[Annotated photo localization data]
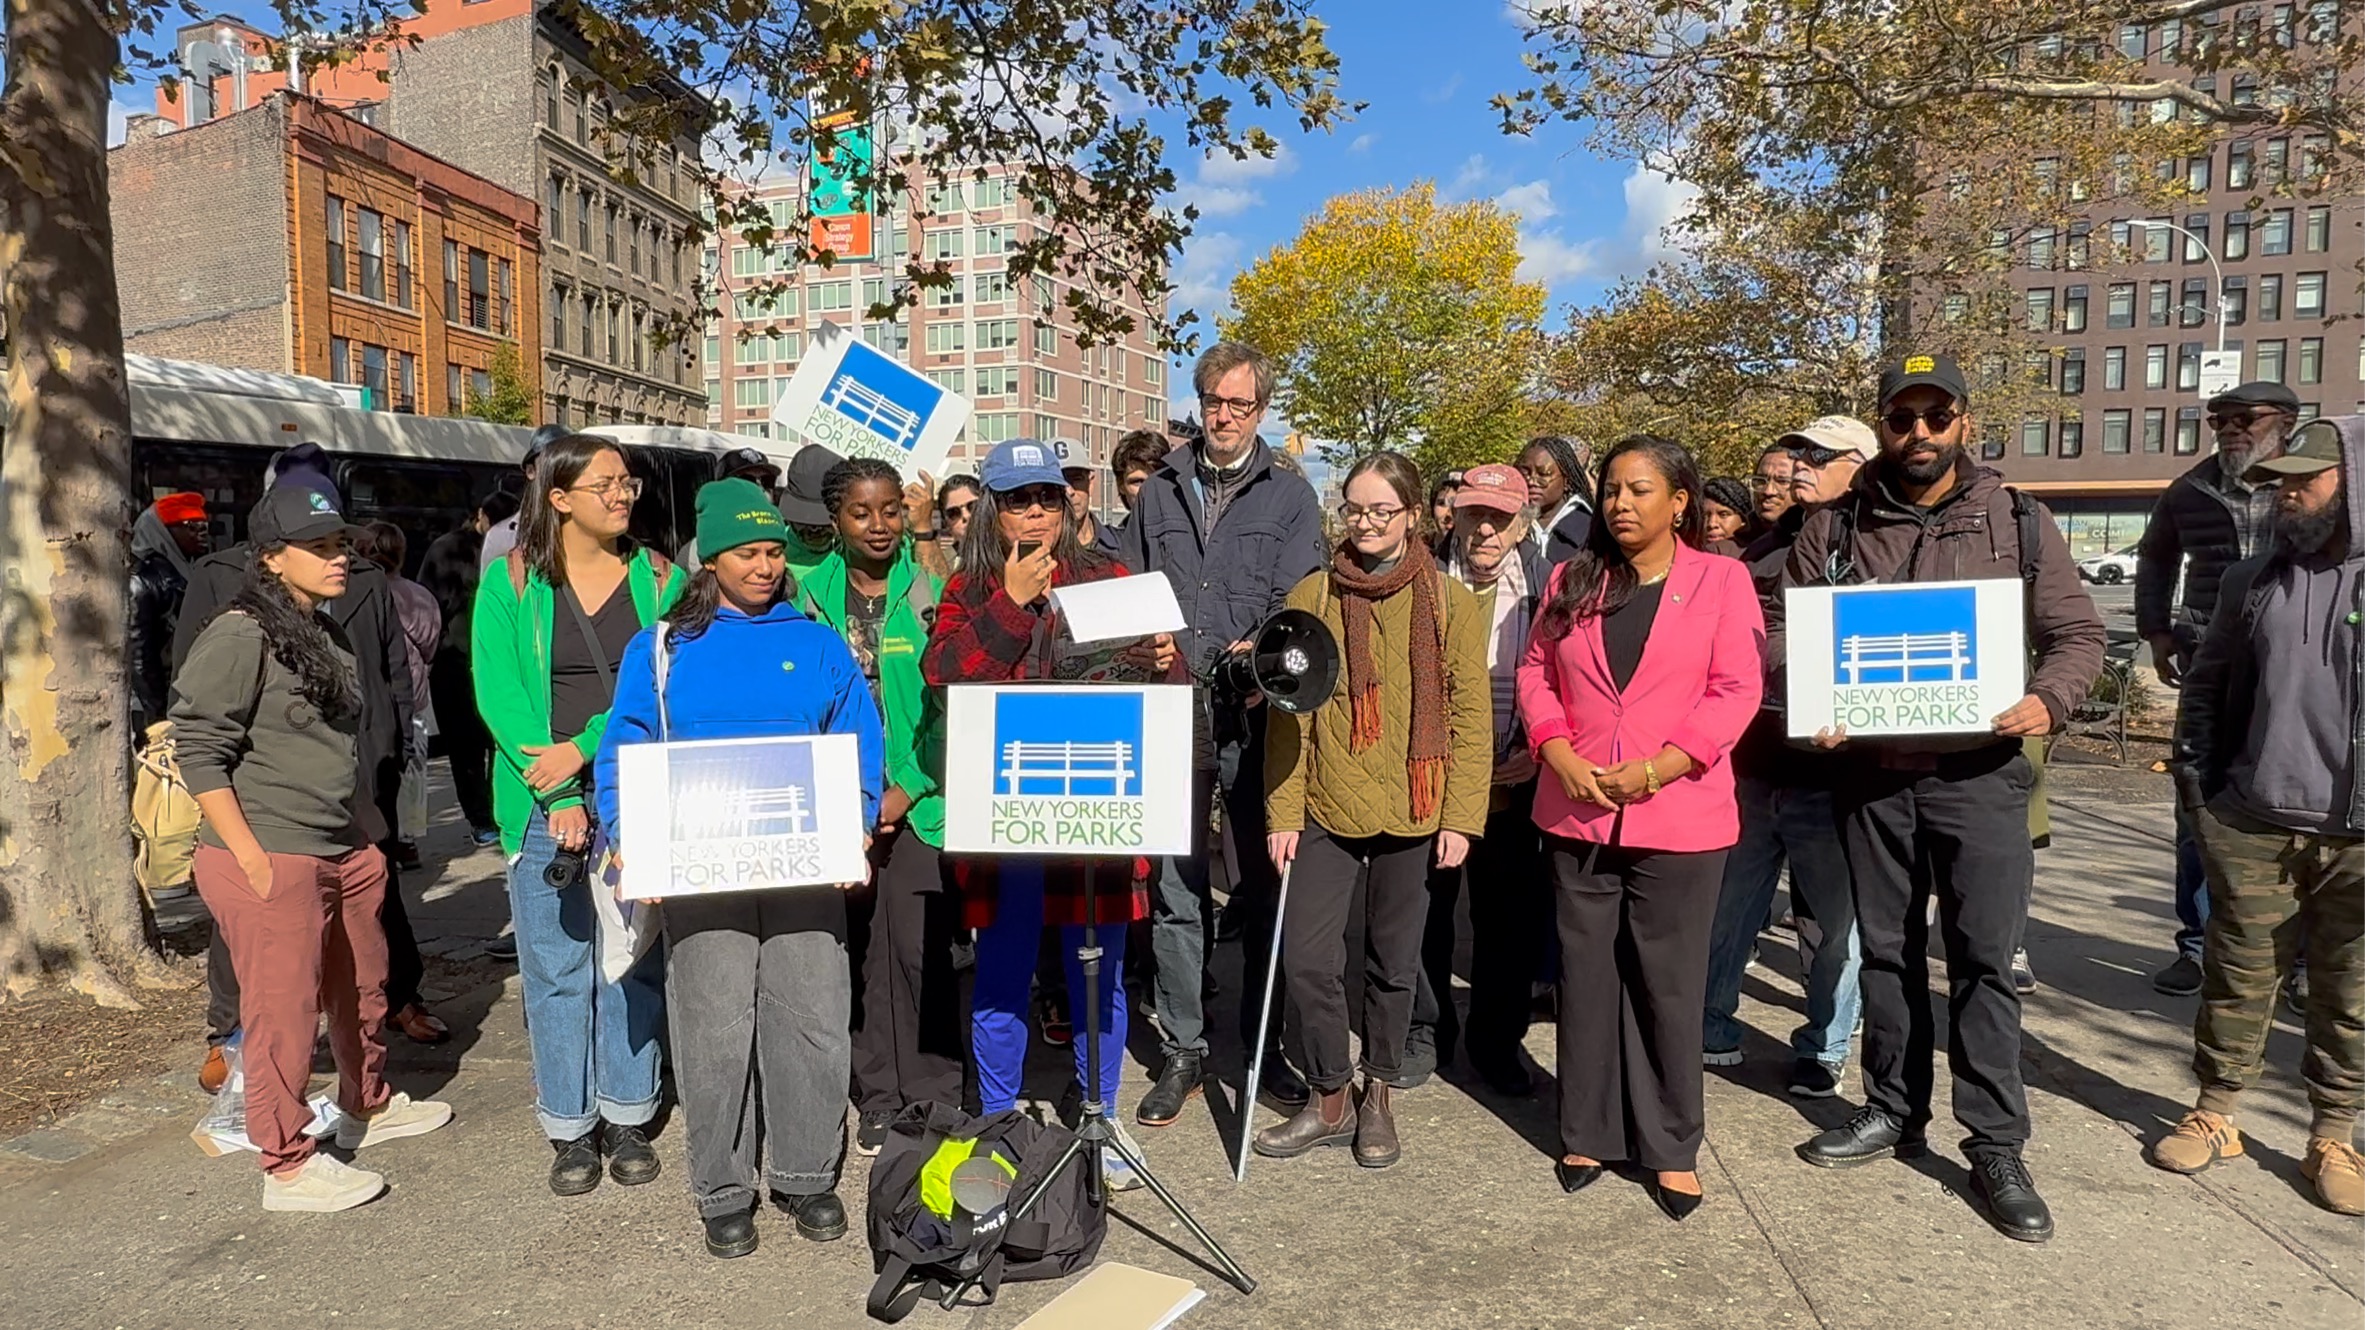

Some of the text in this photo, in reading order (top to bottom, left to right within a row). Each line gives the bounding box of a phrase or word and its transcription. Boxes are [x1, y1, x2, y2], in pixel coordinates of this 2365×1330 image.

[804, 416, 843, 449] FOR
[812, 404, 909, 465] NEW YORKERS
[1053, 440, 1070, 460] G
[1833, 684, 1980, 705] NEW YORKERS
[1833, 702, 1980, 729] FOR PARKS
[991, 799, 1144, 820] NEW YORKERS
[991, 819, 1144, 847] FOR PARKS
[669, 836, 821, 864] NEW YORKERS
[670, 855, 822, 888] FOR PARKS

* _WHAT THE TASK REQUIRES_:
Every line above goes into the copy unchanged; the pictures do not.

* _TASK SOLUTION_:
Some of the text in this photo, in reading order (top to bottom, left to right within a row). Each line gives the bounding box of a phrase or word and its transcription. Boxes are [x1, y1, x2, y2], in pixel coordinates of this 2365×1330 image.

[804, 416, 843, 449] FOR
[812, 404, 909, 465] NEW YORKERS
[1053, 440, 1070, 460] G
[1833, 684, 1980, 705] NEW YORKERS
[1833, 702, 1980, 729] FOR PARKS
[991, 799, 1144, 820] NEW YORKERS
[991, 819, 1144, 847] FOR PARKS
[669, 836, 821, 864] NEW YORKERS
[670, 855, 822, 888] FOR PARKS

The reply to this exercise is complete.